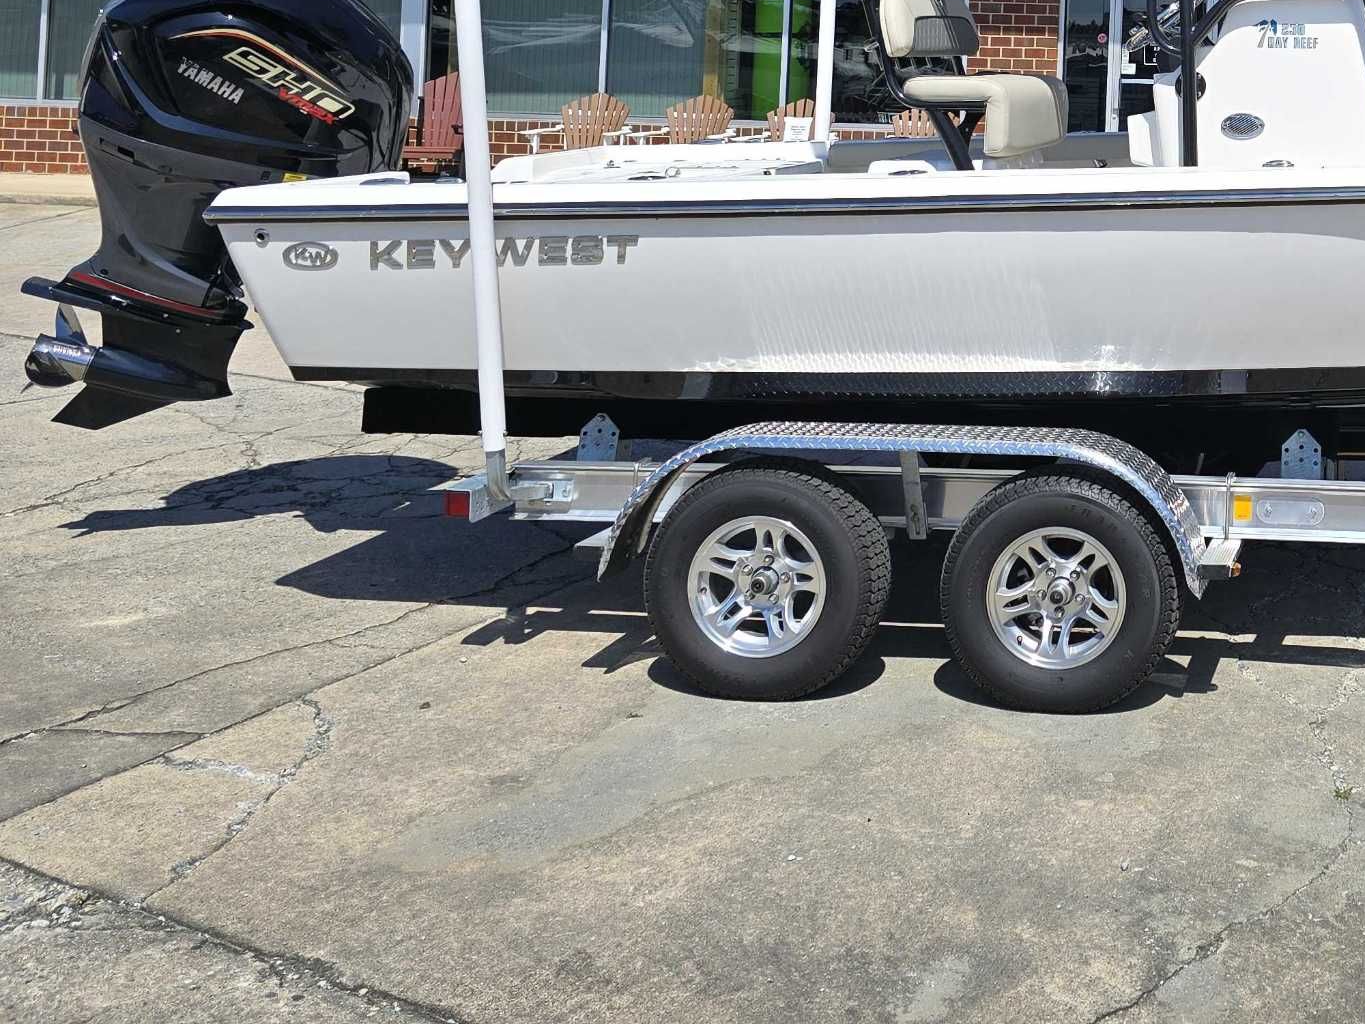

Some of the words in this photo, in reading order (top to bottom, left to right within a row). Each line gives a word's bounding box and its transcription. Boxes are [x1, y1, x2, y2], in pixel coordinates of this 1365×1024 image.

[1267, 36, 1289, 49] BAY
[176, 60, 246, 105] YAMAHA
[222, 46, 356, 119] SHO
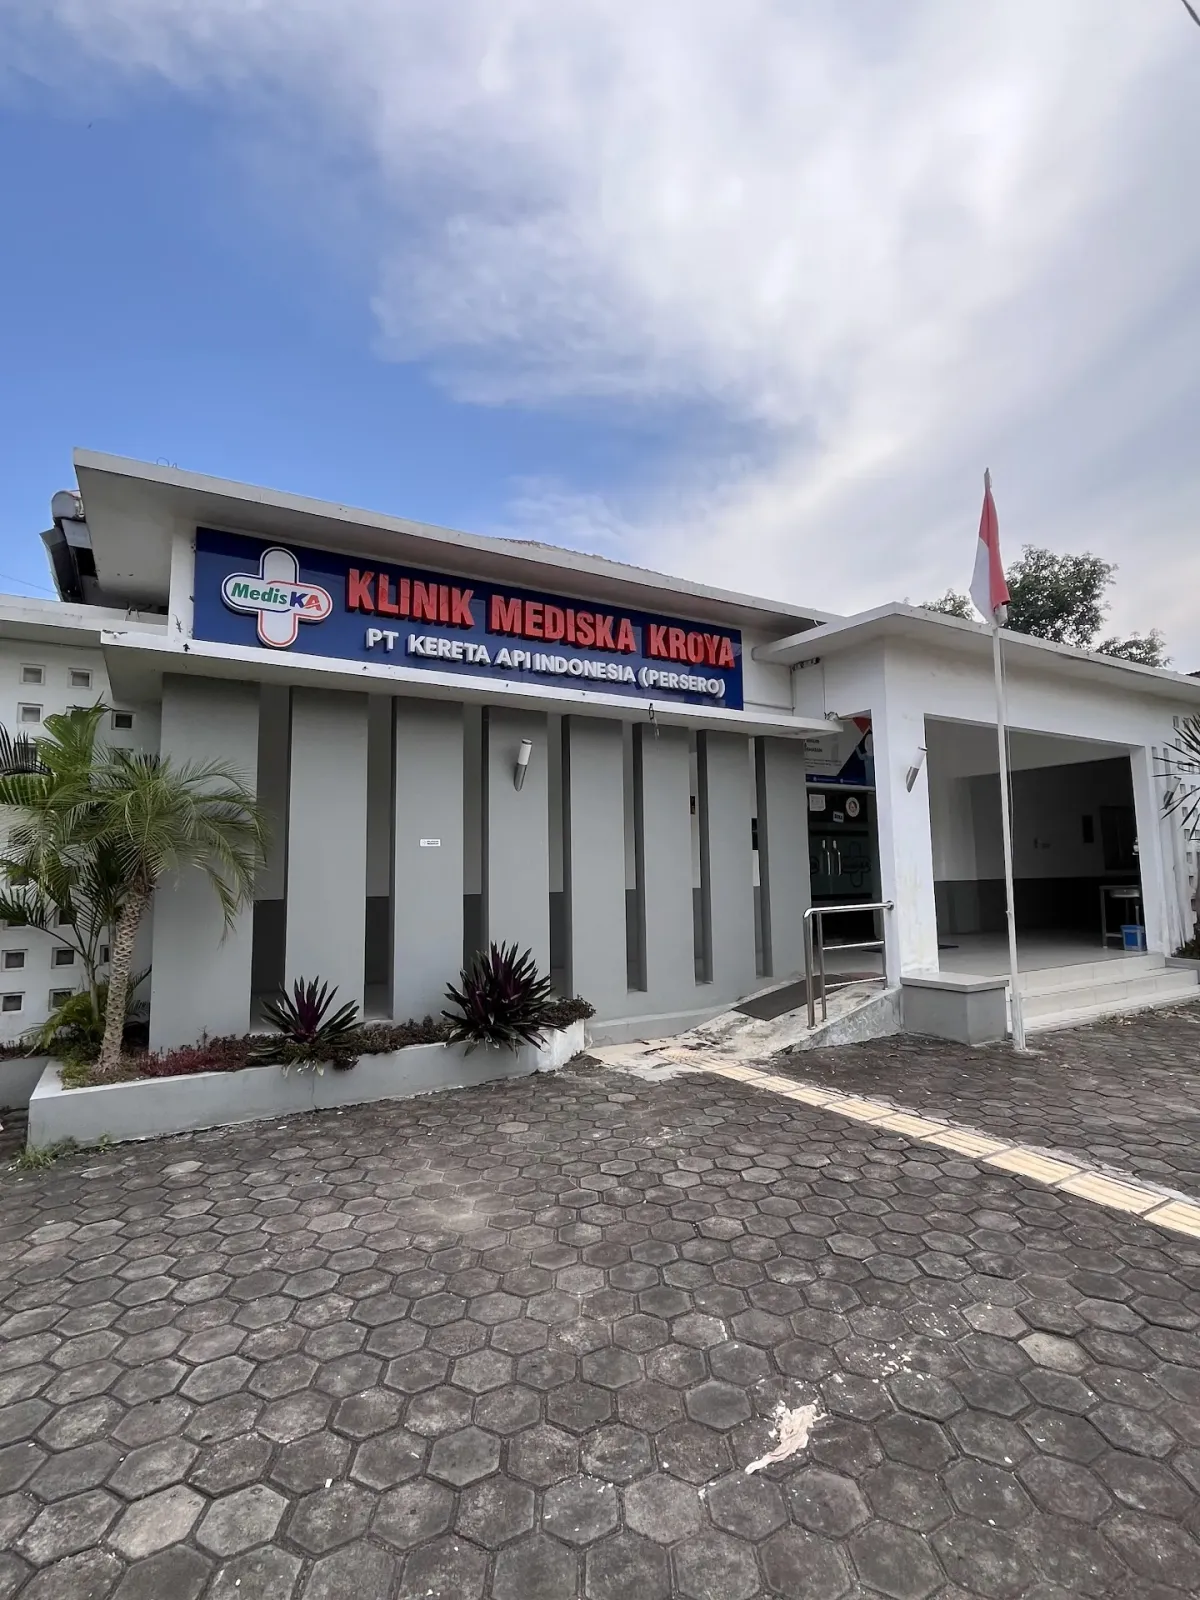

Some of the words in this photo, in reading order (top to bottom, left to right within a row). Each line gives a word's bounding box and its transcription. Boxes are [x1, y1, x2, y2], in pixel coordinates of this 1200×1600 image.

────────

### Try it
Repeat the data above exactly, but not the pictures.

### Written response
Some of the words in this photo, in reading order (top to bottom, left to right within a row). Each line gives a word's bounding box and its transcription. Boxes are [x1, y1, x2, y2], in pixel coordinates of this 1365×1024 image.

[1267, 36, 1289, 49] BAY
[176, 60, 246, 105] YAMAHA
[222, 46, 356, 119] SHO

Some of the words in this photo, in reading order (top to bottom, left to right within a row). Each line gives a word's bounding box and its transcription. Boxes are [x1, y1, x2, y2], in pixel coordinates of this 1200×1600 image.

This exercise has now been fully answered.